1. Julia Medew. ‘Cough syrup link to toxic shock during surgery’. The Age, 4 May 2013.

2. Therapeutic Goods Administration (TGA). Response on file.

3. European Medicines Agency (2012). Assessment report for Pholcodine containing medicinal products. EMEA/H/A-31/1292. Available at http://www.ema.europa.eu/docs/en_GB/document_library/Referrals_document/Pholcodine_31/WC500124716.pdf [last accessed 6 May 2013]

4. Annex II. Scientific conclusions and ground for the mountainous of the marketing authorisations presented by the EMA. Available at http://www.ema.europa.eu/docs/en_GB/document_library/Referrals_document/Pholcodine_31/WC500124714.pdf [last accessed 6 May 2013]

5. European Medicines Agency (2012) Questions and answers on the review of the marketing authorisations for medicines containing pholcodine: Outcome of a procedure under Article 31 of Directive 2001/83/EC as amended. EMA/890819/2011 rev.1. EMEA/H/A-31/1292

 

14 May 2013
Complementary medicines have a legitimate role to play in consumer health

Peak industry body, the Australian Self Medication Industry (ASMI) has urged more balanced public debate on complementary medicines (CM).

According to ASMI Regulatory and Scientific Affairs Director, Steve Scarff:

“From an industry perspective, ASMI is intent on pursuing a legitimate role for CMs in the health care system and does not condone any level of non-compliance. While we welcome public discussion on CMs, we feel recent media coverage omitted an important point on the state of compliance for CMs in Australia.

“The statement that 90 per cent of CM products that were reviewed in 2008 by the Therapeutic Goods Administration (TGA) failed to comply does not take into account the varying nature of non-compliance, nor the small and unrepresentative sample size – a substantial limitation highlighted by the Australian National Audit Office in its 2011-12 report.3

Alongside Canada, Australia has one of the world’s most advanced regulatory systems for CMs. The problem is not with the regulatory system, but rather the lack of force applied by the TGA to non-compliant sponsors.”

Currently, two-thirds of Australians use CMs regularly to optimise their health and prevent illness.3 With the CM sector currently undergoing significant reform, ASMI is advocating that the following issues be addressed:

 There needs to be a high level of confidence, rigour and transparency around the way that CMs are marketed, including the claims that are made about individual products.

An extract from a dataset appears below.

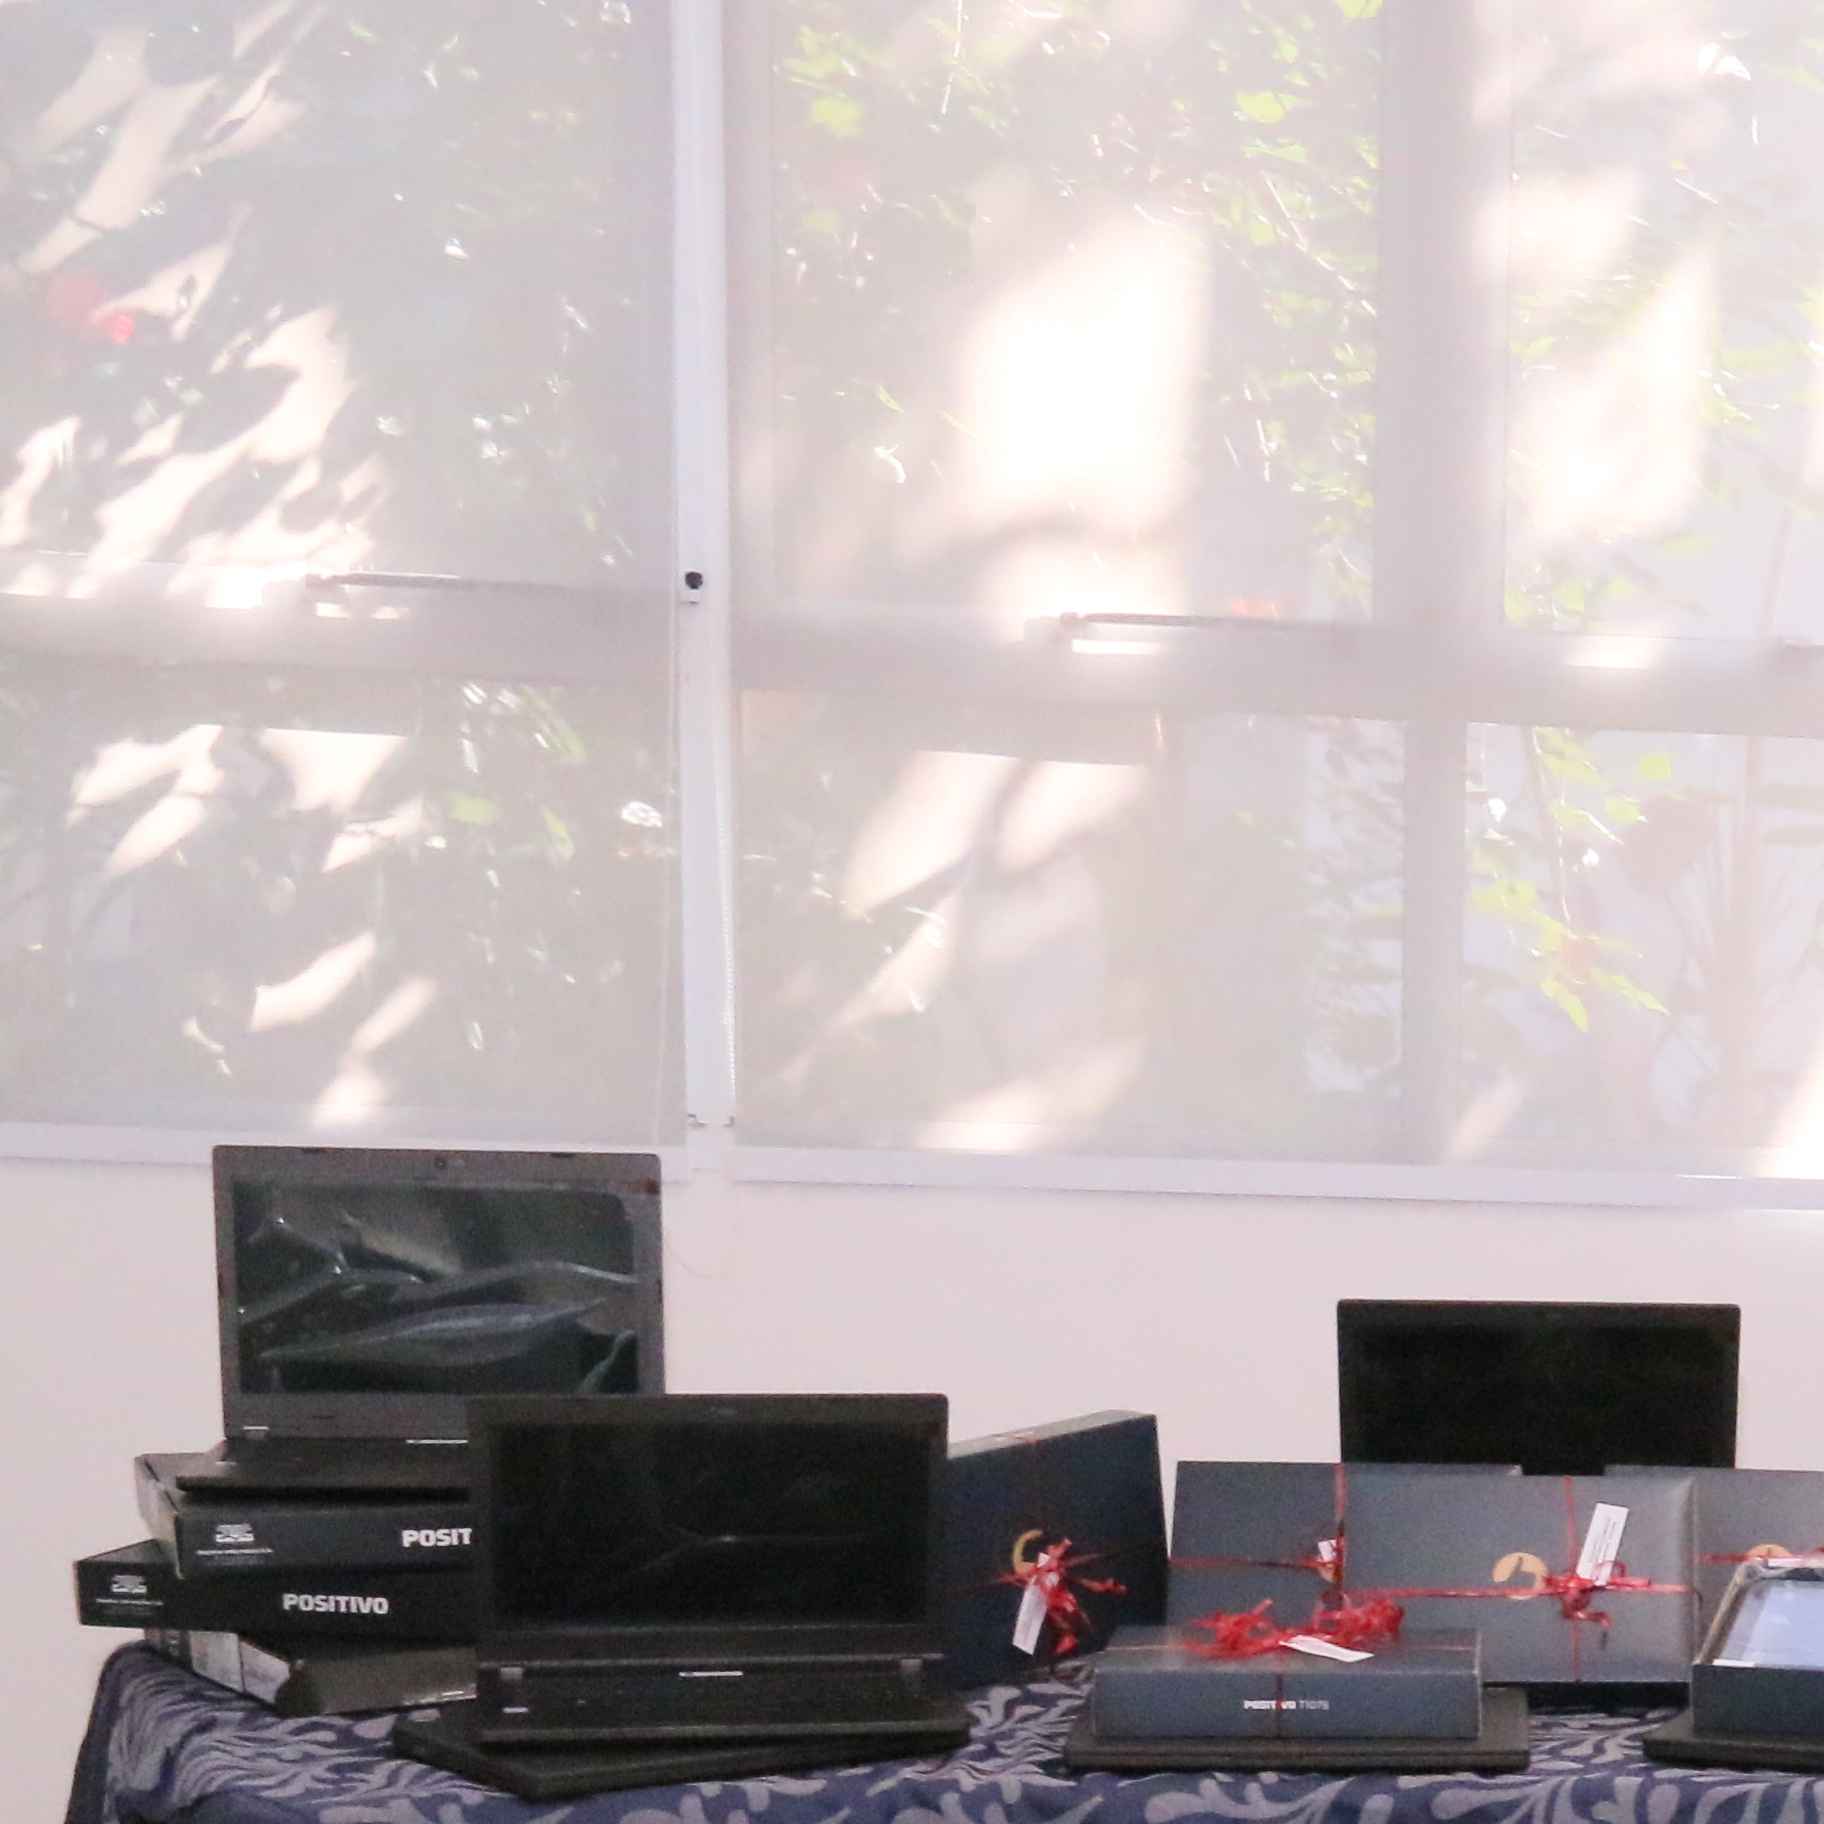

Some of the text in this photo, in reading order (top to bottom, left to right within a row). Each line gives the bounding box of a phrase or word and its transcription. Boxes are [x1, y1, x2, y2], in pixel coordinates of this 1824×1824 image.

 While industry has its part to play in ensuring compliance, the TGA must enforce tougher penalties and sanctions to deter those sponsors whose non-compliance brings the industry into disrepute.

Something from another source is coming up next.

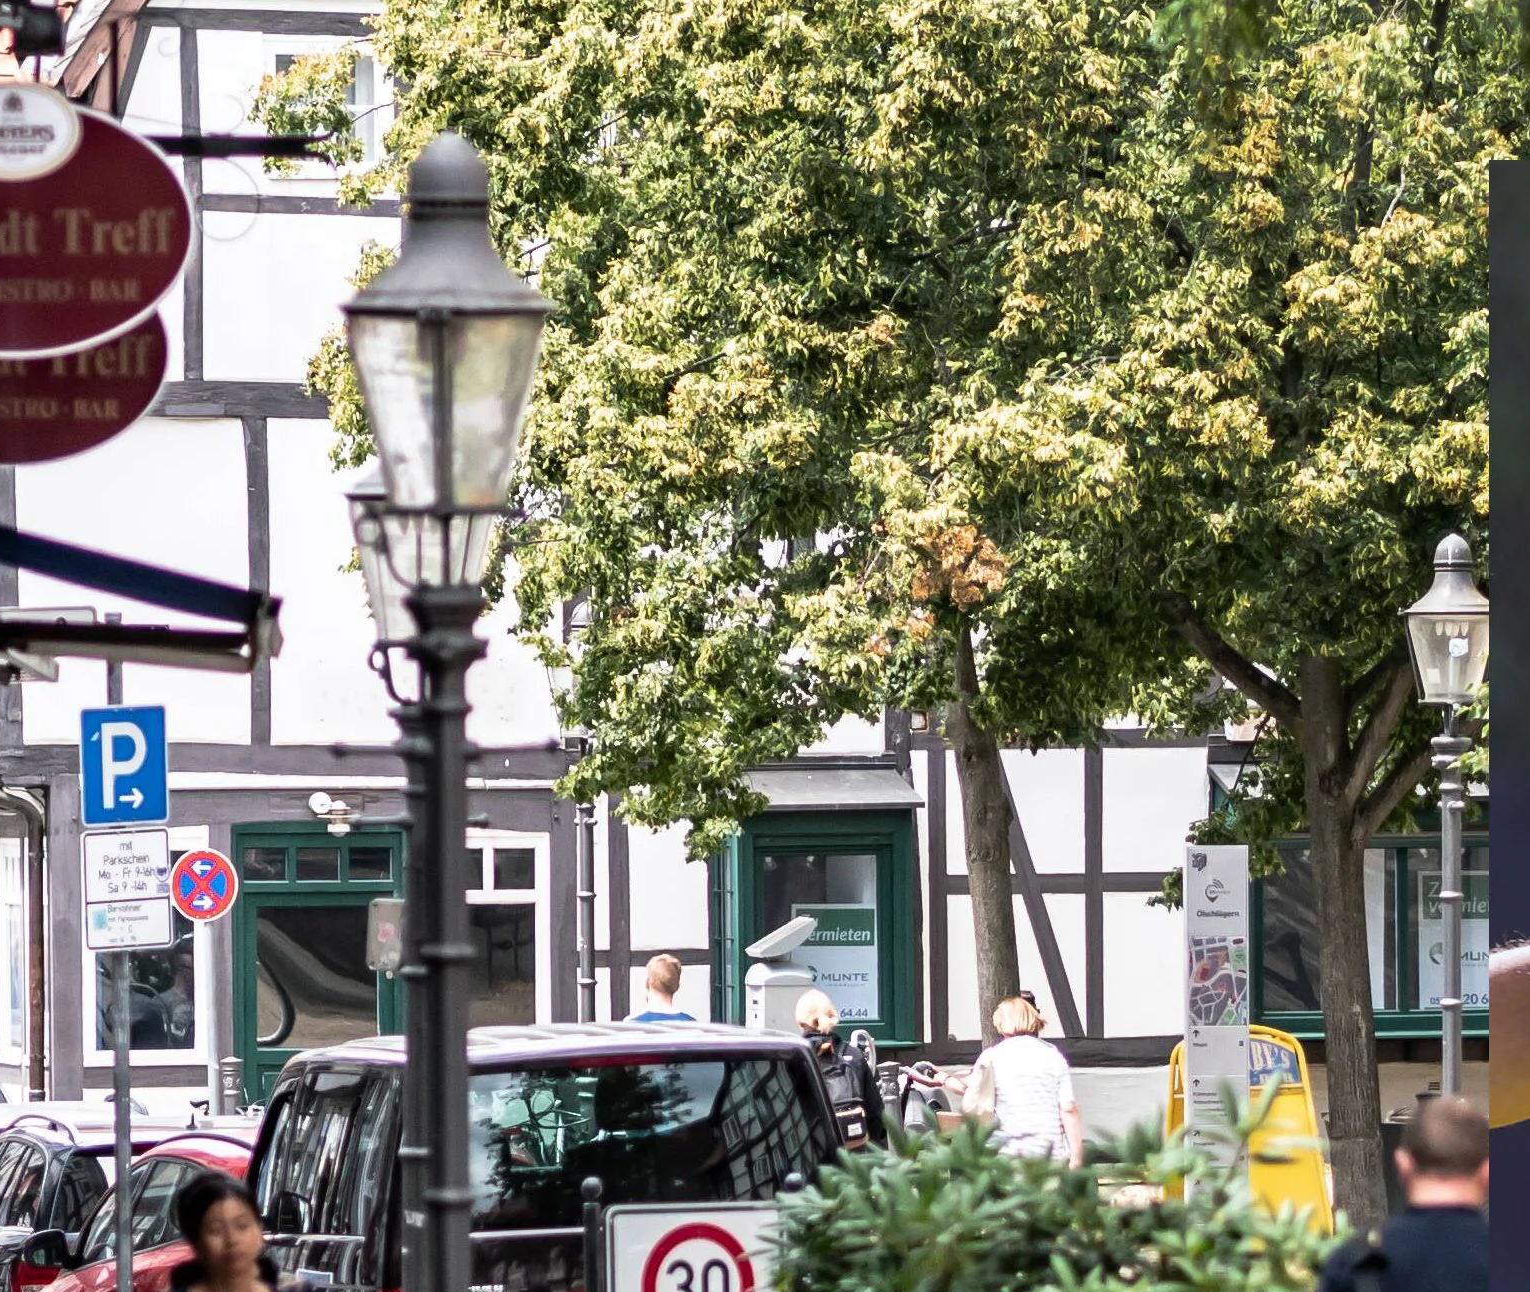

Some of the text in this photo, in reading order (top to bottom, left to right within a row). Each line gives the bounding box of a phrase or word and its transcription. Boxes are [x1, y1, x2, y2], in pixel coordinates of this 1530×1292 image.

 There needs to be consistency and predictability in the process of evaluation.

 ASMI advocates for minimum effective regulation which is commensurate with risk, listable medicines being at the lower end of the risk spectrum, as well as effective measures to ensure compliance.

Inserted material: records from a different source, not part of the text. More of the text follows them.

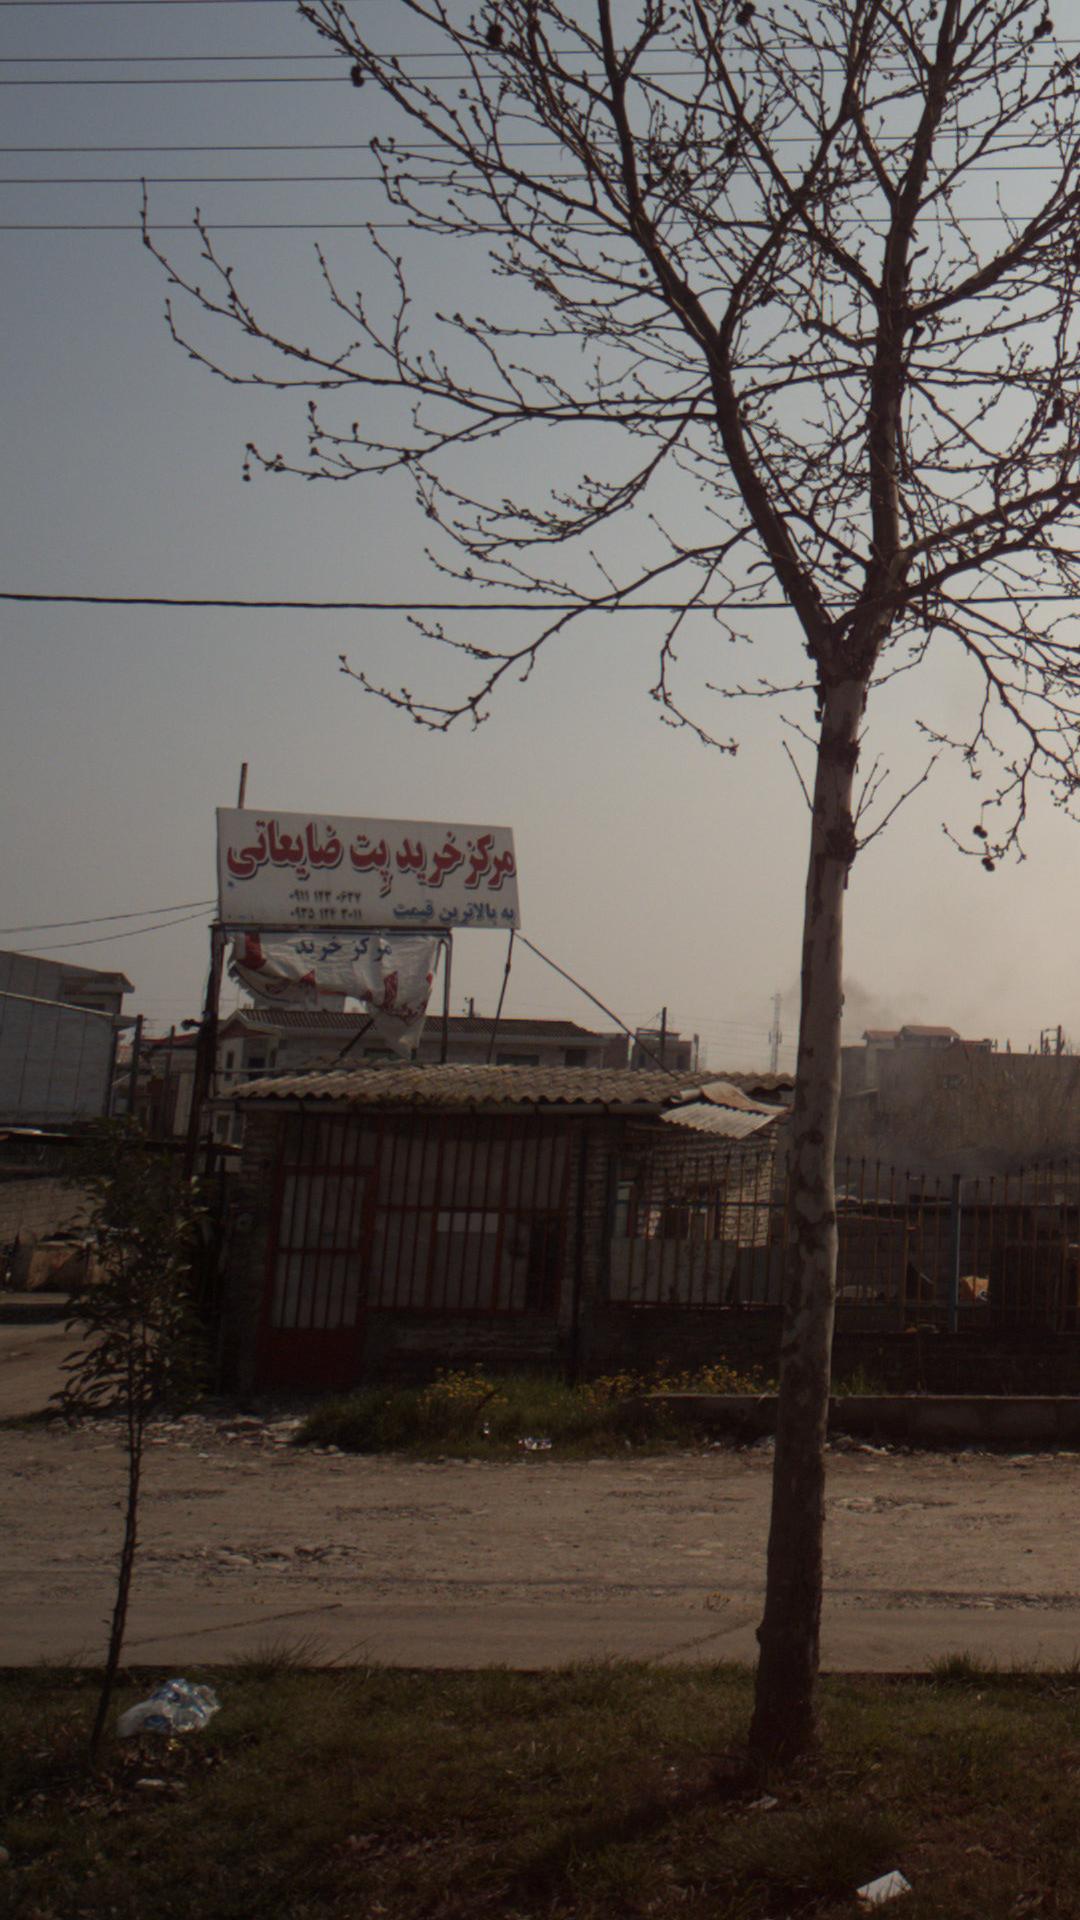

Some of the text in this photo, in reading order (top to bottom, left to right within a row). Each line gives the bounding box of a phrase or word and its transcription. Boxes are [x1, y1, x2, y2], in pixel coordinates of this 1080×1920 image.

[226, 820, 342, 879] ضایعاتی
[396, 831, 464, 885] خرید
[465, 834, 516, 888] مرکز
[393, 899, 434, 922] قیمت
[439, 902, 497, 925] بالاترین
[295, 936, 343, 962] خرید
[351, 936, 393, 962] مرکز

 Increased investment in research (via data protection) will further support the growing evidence-base for CMs.

References:

1. Amy Corderoy. War of words on potions and pills continues. Sydney Morning Herald. 12 May 2013.

2. Amy Corderoy. Most pills and potions fail the test. Sydney Morning Herald. 12 May 2013.

3. Australian National Audit Office Report No. 3 2011-12. Therapeutic Goods Regulation:L Complementary Medicines.

Editor's Note:
ASMI's media release on complementary medicines followed an article in the Sydney Morning Herald.

The link to the full article is found here:
 http://www.smh.com.au/national/health/war-of-words-on-potions-and-pills-continues-20130511-2jely.html

While welcoming the public discussion on complementary medicines, ASMI has urged more balanced debate and has reiterated that it does not condone any level of non-compliance.